*EXTRACTED RECORDS*:
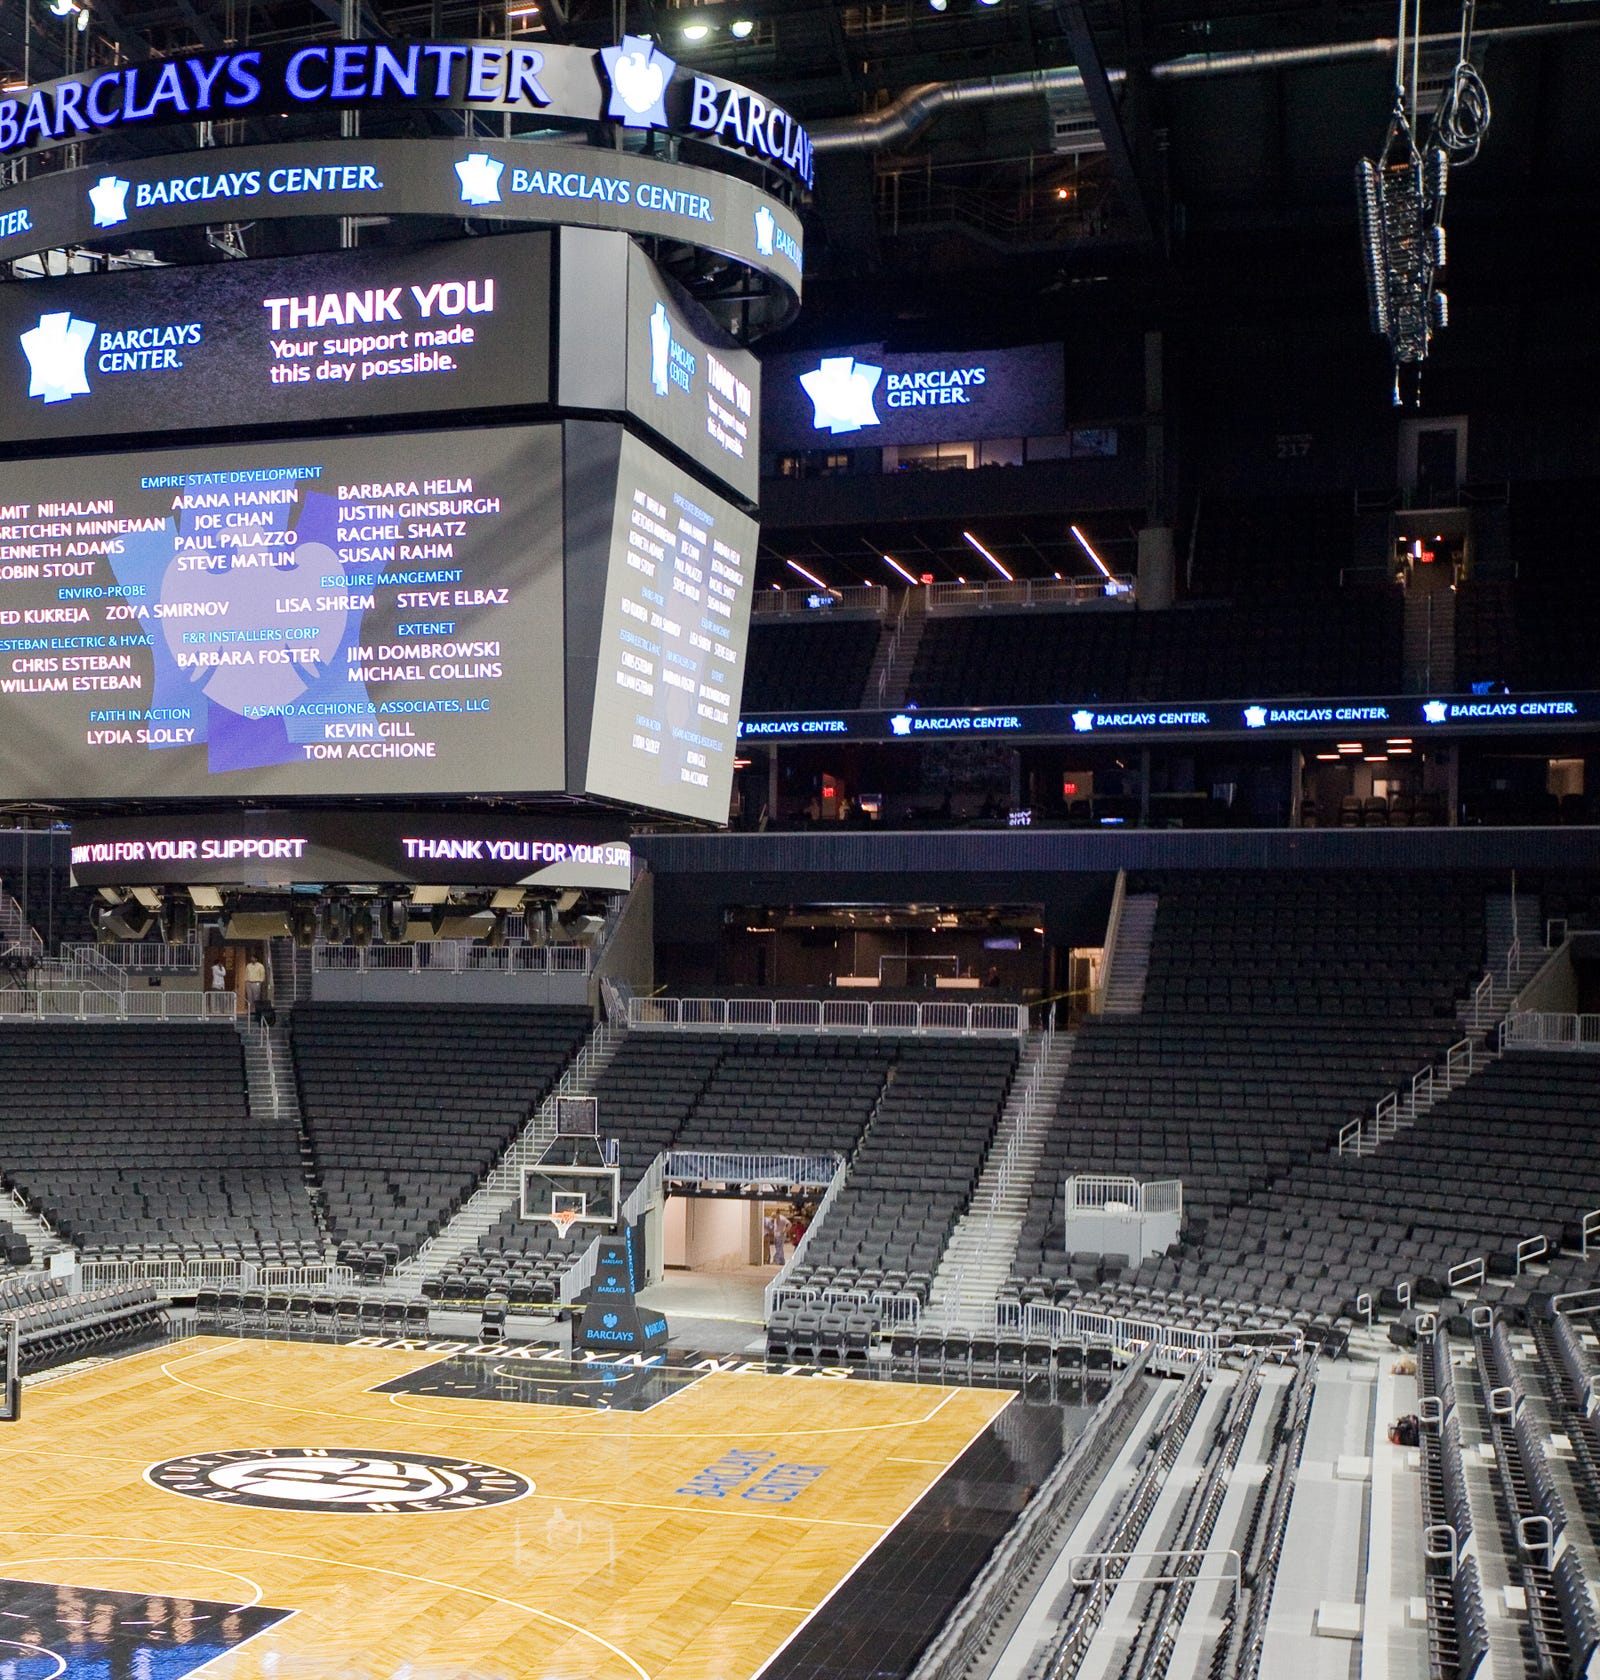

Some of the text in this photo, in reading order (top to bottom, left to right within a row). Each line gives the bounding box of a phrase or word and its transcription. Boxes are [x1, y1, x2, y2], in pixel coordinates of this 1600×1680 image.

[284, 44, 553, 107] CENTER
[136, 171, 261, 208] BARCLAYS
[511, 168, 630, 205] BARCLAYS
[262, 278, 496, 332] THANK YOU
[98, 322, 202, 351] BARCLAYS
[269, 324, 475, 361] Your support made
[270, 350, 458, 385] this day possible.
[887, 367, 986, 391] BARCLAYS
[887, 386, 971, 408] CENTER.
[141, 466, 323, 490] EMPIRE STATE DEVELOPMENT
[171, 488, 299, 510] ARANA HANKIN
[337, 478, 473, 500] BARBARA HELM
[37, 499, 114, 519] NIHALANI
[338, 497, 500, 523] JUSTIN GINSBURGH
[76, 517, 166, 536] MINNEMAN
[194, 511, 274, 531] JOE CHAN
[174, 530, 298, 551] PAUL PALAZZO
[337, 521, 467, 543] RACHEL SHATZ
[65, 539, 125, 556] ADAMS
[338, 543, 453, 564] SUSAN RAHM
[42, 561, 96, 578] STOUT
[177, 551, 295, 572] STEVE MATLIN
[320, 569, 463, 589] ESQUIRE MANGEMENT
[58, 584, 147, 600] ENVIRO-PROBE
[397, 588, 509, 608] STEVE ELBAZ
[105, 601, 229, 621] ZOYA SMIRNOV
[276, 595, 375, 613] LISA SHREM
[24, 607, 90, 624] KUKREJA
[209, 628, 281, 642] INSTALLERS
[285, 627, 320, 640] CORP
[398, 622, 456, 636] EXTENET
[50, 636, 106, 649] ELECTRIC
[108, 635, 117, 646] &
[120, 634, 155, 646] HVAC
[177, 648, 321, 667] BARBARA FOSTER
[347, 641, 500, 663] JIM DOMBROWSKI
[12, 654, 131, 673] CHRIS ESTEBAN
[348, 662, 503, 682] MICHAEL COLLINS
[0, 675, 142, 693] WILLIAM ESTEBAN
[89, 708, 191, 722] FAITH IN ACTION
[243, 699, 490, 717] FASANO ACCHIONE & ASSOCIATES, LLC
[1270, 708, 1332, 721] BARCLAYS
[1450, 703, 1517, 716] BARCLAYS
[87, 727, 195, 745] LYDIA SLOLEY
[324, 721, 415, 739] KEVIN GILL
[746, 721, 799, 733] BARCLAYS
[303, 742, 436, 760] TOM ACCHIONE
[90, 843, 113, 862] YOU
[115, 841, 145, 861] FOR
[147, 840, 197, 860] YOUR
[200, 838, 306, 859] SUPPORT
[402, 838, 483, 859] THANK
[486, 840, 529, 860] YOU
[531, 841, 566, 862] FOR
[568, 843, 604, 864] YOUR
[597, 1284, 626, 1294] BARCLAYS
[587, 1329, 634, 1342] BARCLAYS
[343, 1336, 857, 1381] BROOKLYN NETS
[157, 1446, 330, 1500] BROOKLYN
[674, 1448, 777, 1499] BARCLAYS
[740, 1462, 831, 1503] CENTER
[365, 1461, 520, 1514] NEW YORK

*EXERCISE REQUIREMENTS*:
Print each entry above verbatim, pictures left out.

*OUTPUT*:
Some of the text in this photo, in reading order (top to bottom, left to right within a row). Each line gives the bounding box of a phrase or word and its transcription. Boxes are [x1, y1, x2, y2], in pixel coordinates of this 1600×1680 image.

[284, 44, 553, 107] CENTER
[136, 171, 261, 208] BARCLAYS
[511, 168, 630, 205] BARCLAYS
[262, 278, 496, 332] THANK YOU
[98, 322, 202, 351] BARCLAYS
[269, 324, 475, 361] Your support made
[270, 350, 458, 385] this day possible.
[887, 367, 986, 391] BARCLAYS
[887, 386, 971, 408] CENTER.
[141, 466, 323, 490] EMPIRE STATE DEVELOPMENT
[171, 488, 299, 510] ARANA HANKIN
[337, 478, 473, 500] BARBARA HELM
[37, 499, 114, 519] NIHALANI
[338, 497, 500, 523] JUSTIN GINSBURGH
[76, 517, 166, 536] MINNEMAN
[194, 511, 274, 531] JOE CHAN
[174, 530, 298, 551] PAUL PALAZZO
[337, 521, 467, 543] RACHEL SHATZ
[65, 539, 125, 556] ADAMS
[338, 543, 453, 564] SUSAN RAHM
[42, 561, 96, 578] STOUT
[177, 551, 295, 572] STEVE MATLIN
[320, 569, 463, 589] ESQUIRE MANGEMENT
[58, 584, 147, 600] ENVIRO-PROBE
[397, 588, 509, 608] STEVE ELBAZ
[105, 601, 229, 621] ZOYA SMIRNOV
[276, 595, 375, 613] LISA SHREM
[24, 607, 90, 624] KUKREJA
[209, 628, 281, 642] INSTALLERS
[285, 627, 320, 640] CORP
[398, 622, 456, 636] EXTENET
[50, 636, 106, 649] ELECTRIC
[108, 635, 117, 646] &
[120, 634, 155, 646] HVAC
[177, 648, 321, 667] BARBARA FOSTER
[347, 641, 500, 663] JIM DOMBROWSKI
[12, 654, 131, 673] CHRIS ESTEBAN
[348, 662, 503, 682] MICHAEL COLLINS
[0, 675, 142, 693] WILLIAM ESTEBAN
[89, 708, 191, 722] FAITH IN ACTION
[243, 699, 490, 717] FASANO ACCHIONE & ASSOCIATES, LLC
[1270, 708, 1332, 721] BARCLAYS
[1450, 703, 1517, 716] BARCLAYS
[87, 727, 195, 745] LYDIA SLOLEY
[324, 721, 415, 739] KEVIN GILL
[746, 721, 799, 733] BARCLAYS
[303, 742, 436, 760] TOM ACCHIONE
[90, 843, 113, 862] YOU
[115, 841, 145, 861] FOR
[147, 840, 197, 860] YOUR
[200, 838, 306, 859] SUPPORT
[402, 838, 483, 859] THANK
[486, 840, 529, 860] YOU
[531, 841, 566, 862] FOR
[568, 843, 604, 864] YOUR
[597, 1284, 626, 1294] BARCLAYS
[587, 1329, 634, 1342] BARCLAYS
[343, 1336, 857, 1381] BROOKLYN NETS
[157, 1446, 330, 1500] BROOKLYN
[674, 1448, 777, 1499] BARCLAYS
[740, 1462, 831, 1503] CENTER
[365, 1461, 520, 1514] NEW YORK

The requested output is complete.